Traders can be forgiven for wondering what it will take for the USD/CAD to break out of the 1.2850 to 1.3050 range of the past month. The 11.8% plunge in West Texas Intermediate (WTI) from Tuesday’s open to Wednesday’s close as global recession fears overwhelmed the commodity market, prompted a 1.4% jump in Dollar Canada (1.8% low to high). But by Friday’s close at 1.2945, the pair was less than half-a-figure from Monday’s open at 1.2908 even though WTI had regained just half of its early week collapse.  

From June 14 to July 8 the USD/CAD lost exactly three points. At the same time the Dollar Index rose 1.3%, the EUR/USD fell 2.2%, the USD/JPY rose 1.2% and the Bloomberg Commodity Index (BCOM) shed 10.2%. 

Even WTI, the mainstay of the Canada's resource economy, lost 13.6% through the period to essentially no reaction from the USD/CAD. 

Global and US recession fears abated somewhat on Friday with the strong NFP report in the US. The pending 75 basis point increases at the Bank of Canada (BoC) due this week and the Federal Reserve two weeks later and subsequent hikes, designed to quell inflation but sure to have a negative impact on economic growth, will keep the recession meme alive for several months. 

Minutes from the Fed’s June meeting said that another 50 or 75 point hike is likely this month, which is hardly news. The minutes also noted that Federal Open Market Committee (FOMC) members  “recognized the possibility that an even more restrictive stance could be appropriate if elevated inflation pressures were to persist.” 

Unless there is a dramatic and unexpected improvement in US or Canadian consumer inflation, rates will continue to increase until stopped by a recession. 

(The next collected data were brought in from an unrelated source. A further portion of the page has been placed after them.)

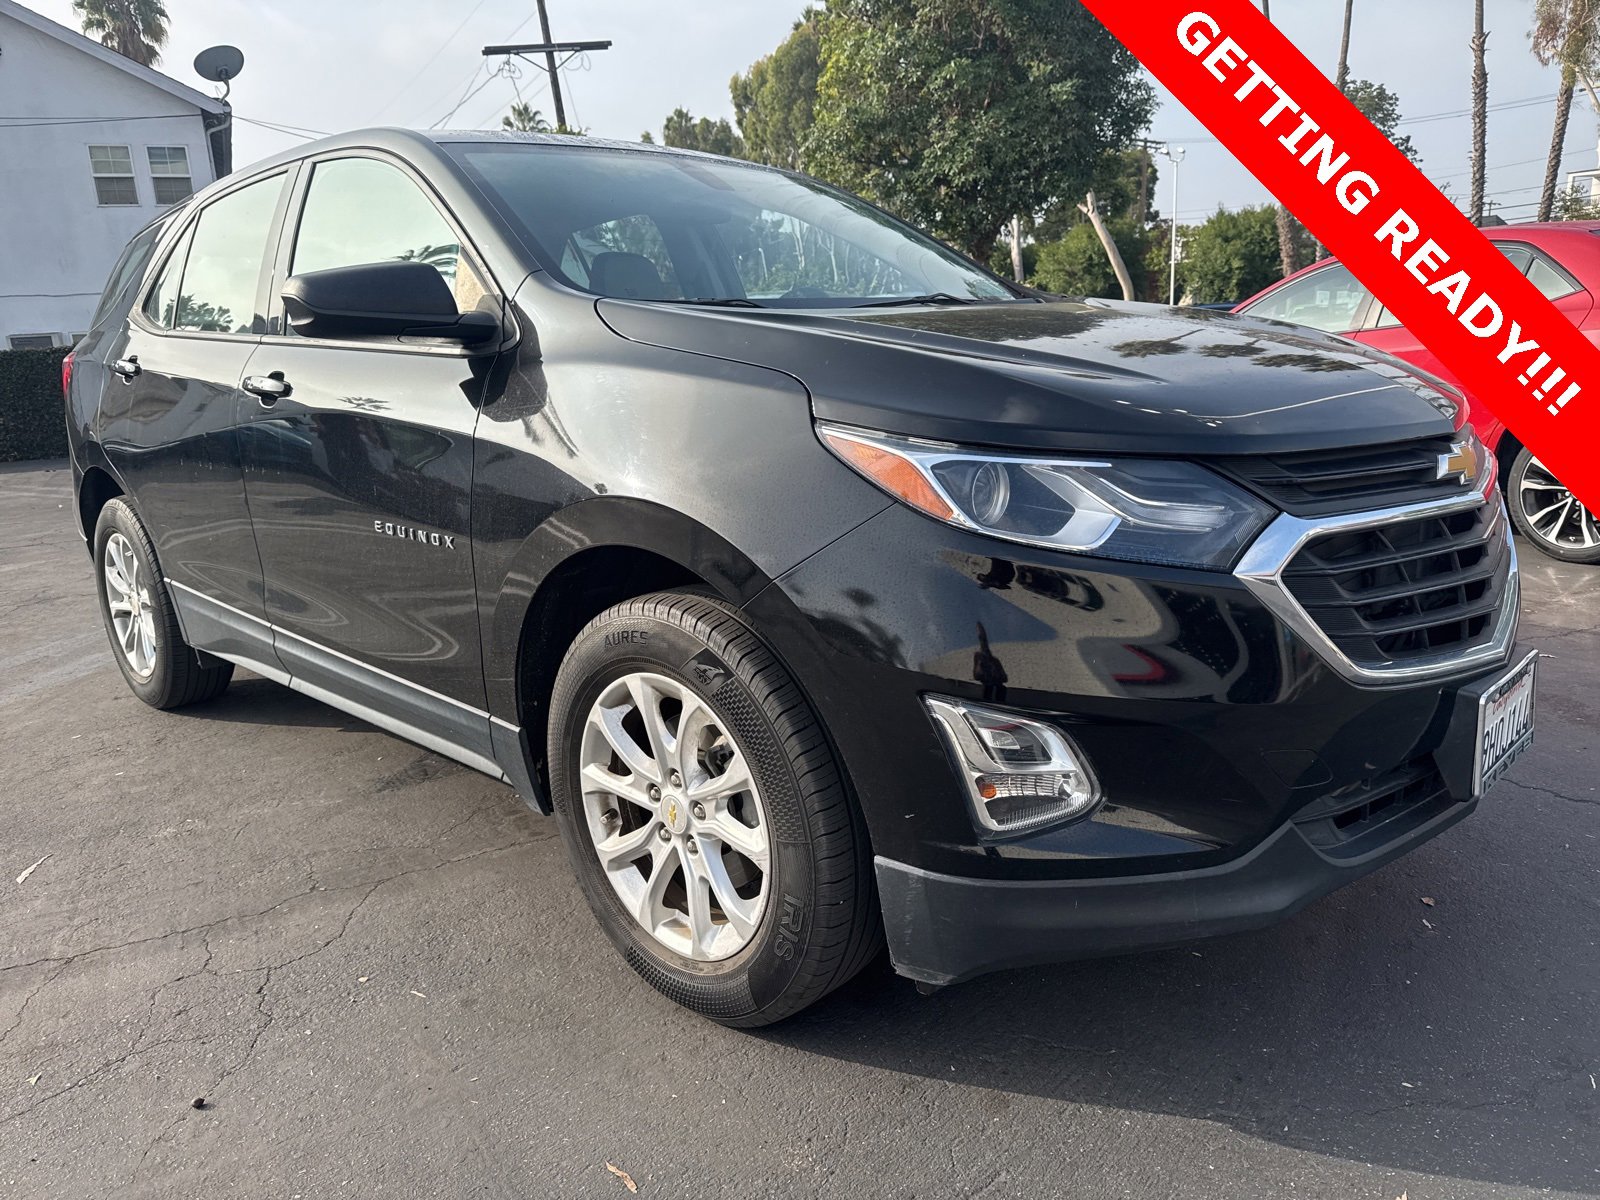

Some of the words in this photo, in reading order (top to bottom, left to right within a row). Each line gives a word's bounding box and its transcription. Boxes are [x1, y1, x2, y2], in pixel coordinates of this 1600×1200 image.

[374, 520, 456, 550] EQUINOX
[604, 630, 649, 648] AURES
[773, 893, 804, 961] IRIS
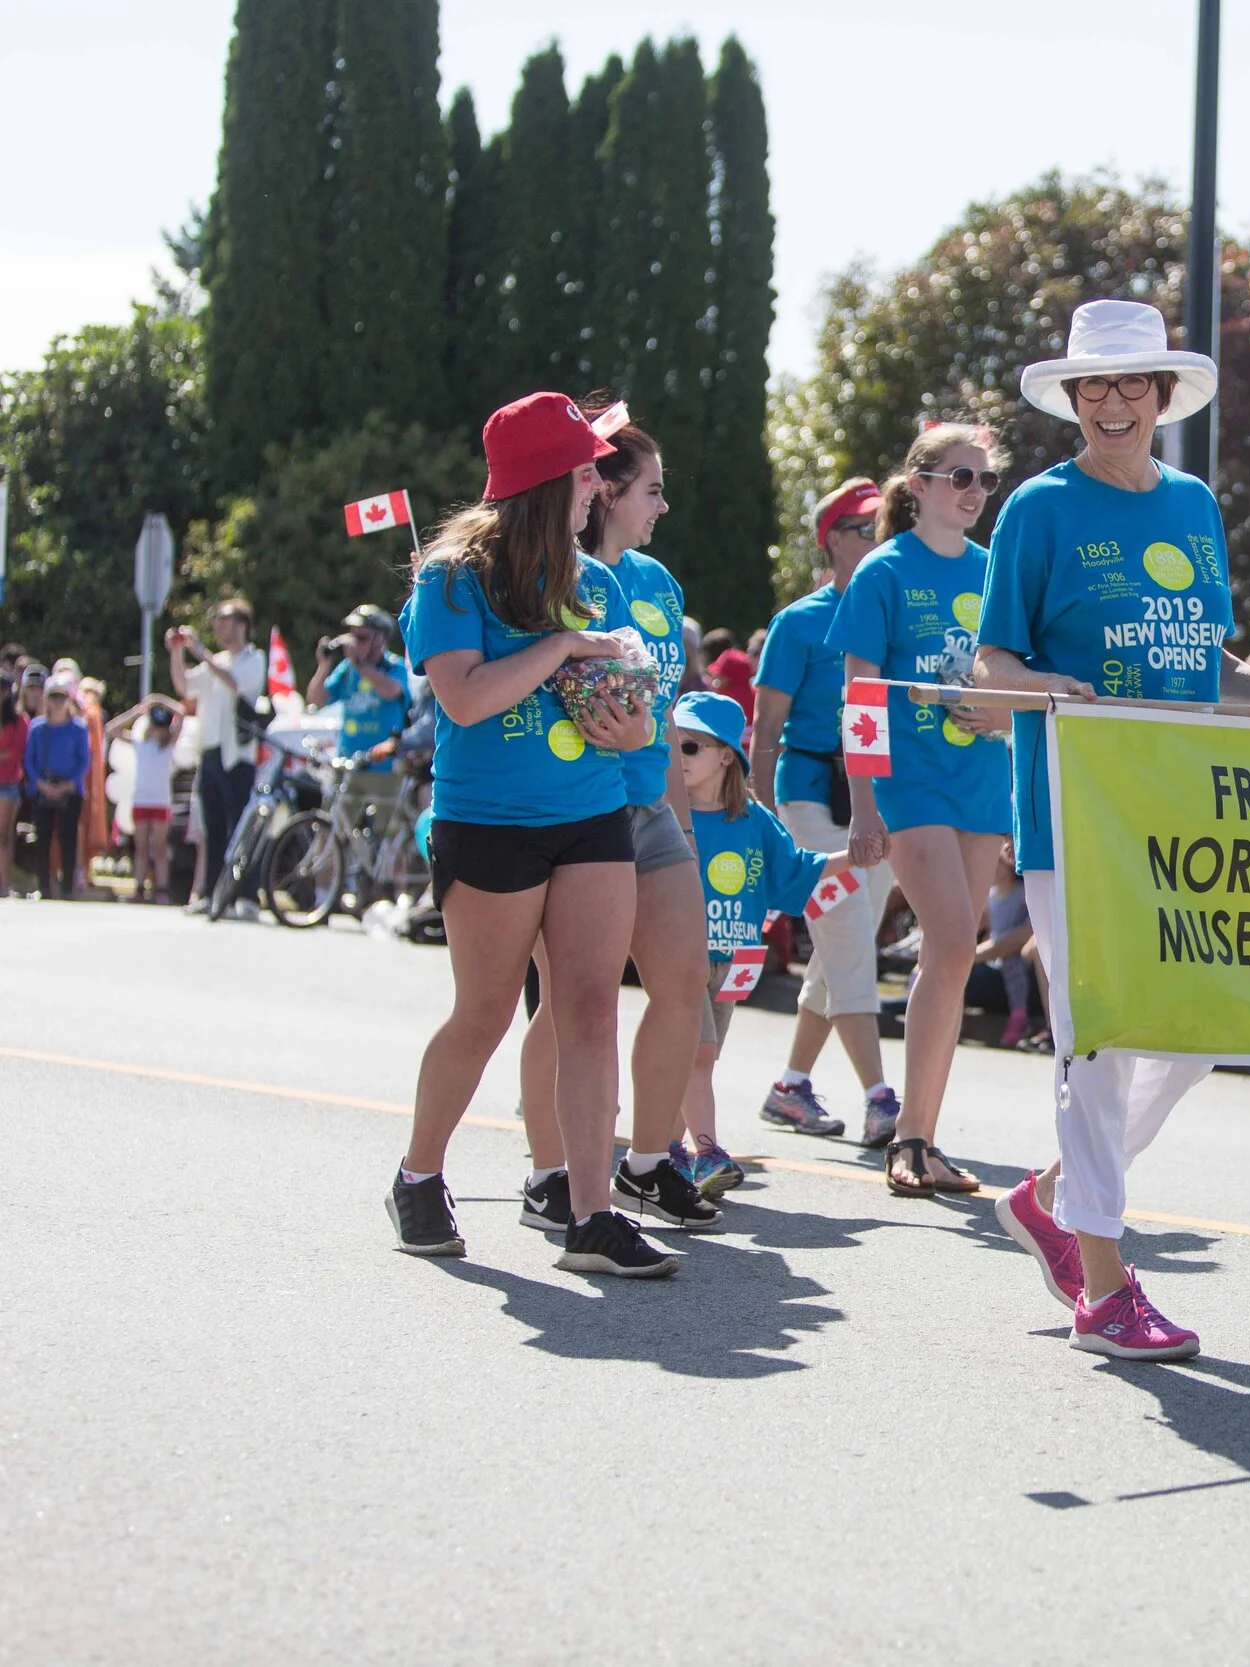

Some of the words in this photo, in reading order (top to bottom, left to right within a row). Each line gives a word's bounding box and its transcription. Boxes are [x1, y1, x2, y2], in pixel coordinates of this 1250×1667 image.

[1077, 541, 1120, 560] 1863
[1147, 550, 1186, 565] 1882
[1082, 556, 1125, 568] Moodyville
[1202, 544, 1224, 587] 1900
[1102, 572, 1126, 582] 1906
[904, 589, 937, 601] 1863
[920, 613, 939, 622] 1906
[1141, 596, 1204, 621] 2019
[1103, 622, 1155, 650] NEW
[646, 641, 680, 663] 019
[1147, 646, 1207, 672] OPENS
[1103, 659, 1124, 695] 40
[1171, 677, 1185, 688] 1977
[525, 706, 534, 733] Victory
[707, 899, 743, 920] 019
[708, 920, 759, 941] MUSEUM

Canadian PMIs from Ivey and S&P Global were weaker than forecast in June though well on the right side of 50. Net Change in Employment at -43,200 was negative for the first time since January, following  May’s 39,800 increase. A gain of 23,500 had been predicted. The unemployment rate fell to 4.9% from 5.1%. An unexpected decline in the Participation Rate from 65.3% to 64.9%, indicating a drop in the labor force, explains the loss of jobs as the unemployment rate fell.  

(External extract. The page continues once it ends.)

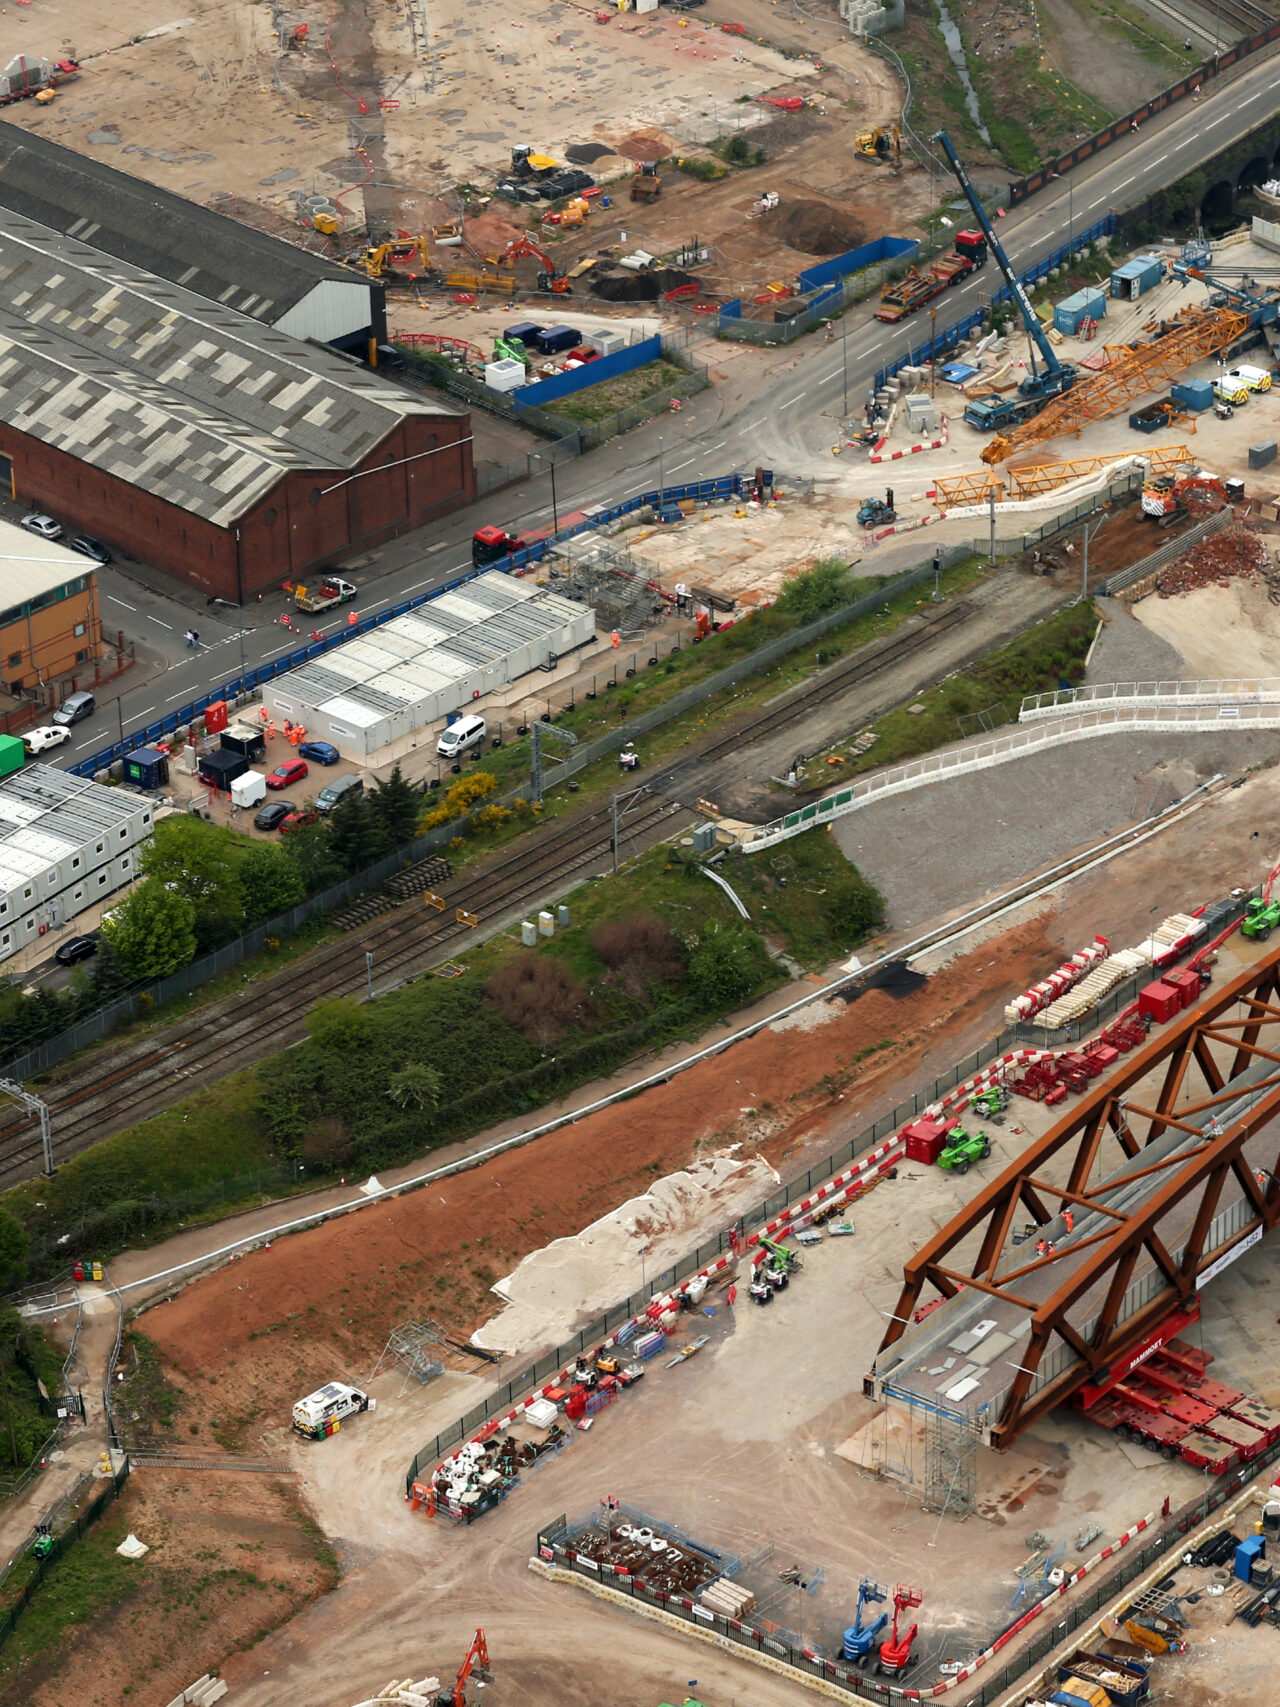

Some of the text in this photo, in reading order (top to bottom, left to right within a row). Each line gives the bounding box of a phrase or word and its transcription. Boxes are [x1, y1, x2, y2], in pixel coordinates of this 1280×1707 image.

[1016, 283, 1037, 321] sarens
[1246, 1232, 1259, 1246] HS2
[1130, 1337, 1163, 1369] MAMMOET

In the US, the Services Purchasing Managers Index from the Institute for Supply Management posted a good reading in the general measure at 55.3, but the crucial New Orders Index fell to 55.6 in June from 57.9, much lower than the 62.1 forecast. The Employment Index dropped into contraction at 47.4, from 50.2, also missing its 49.8 estimate. Jobless claims inched higher with the four-week moving average at 232,500 in the July 1 week up from 231,750 for the highest level in almost five months. 

Nonfarm Payrolls added 372,000 workers in June, much better than the 268,000 consensus forecast and nearly on par with May’s revised 384,000. The US unemployment rate was stable at 3.6%. Hourly earnings rose 5.1% annually, and May was adjusted to 5.3% from 5.2%, evidence that pressure on wages is unabated. The Labor Force Participation Rate, a measure of worker involvement in the job market, fell to 62.2% from 62.3%. Though the drop was small it is a disconcerting sign that with more than 11 million unfilled positions in the economy, worker connection to the labor market remains well below pre-lockdown levels.

The Atlanta Fed GDPNow model, which has charted the economy’s potential descent into recession, improved after the NFP release. Estimated second quarter GDP rose to -1.2%, up from -1.9% on July 7 and -2.1% previous. 

USD/CAD outlook

The USD/CAD finish at 1.2945 on Friday was exactly in the middle of its month-long range. Given the serious provocations this week, a nearly 12% two-day drop in WTI followed by recovery by half, and opposed payrolls reports in Canada and the US, the USD/CAD stasis indicates the balanced forces acting on the pair are unchanged.  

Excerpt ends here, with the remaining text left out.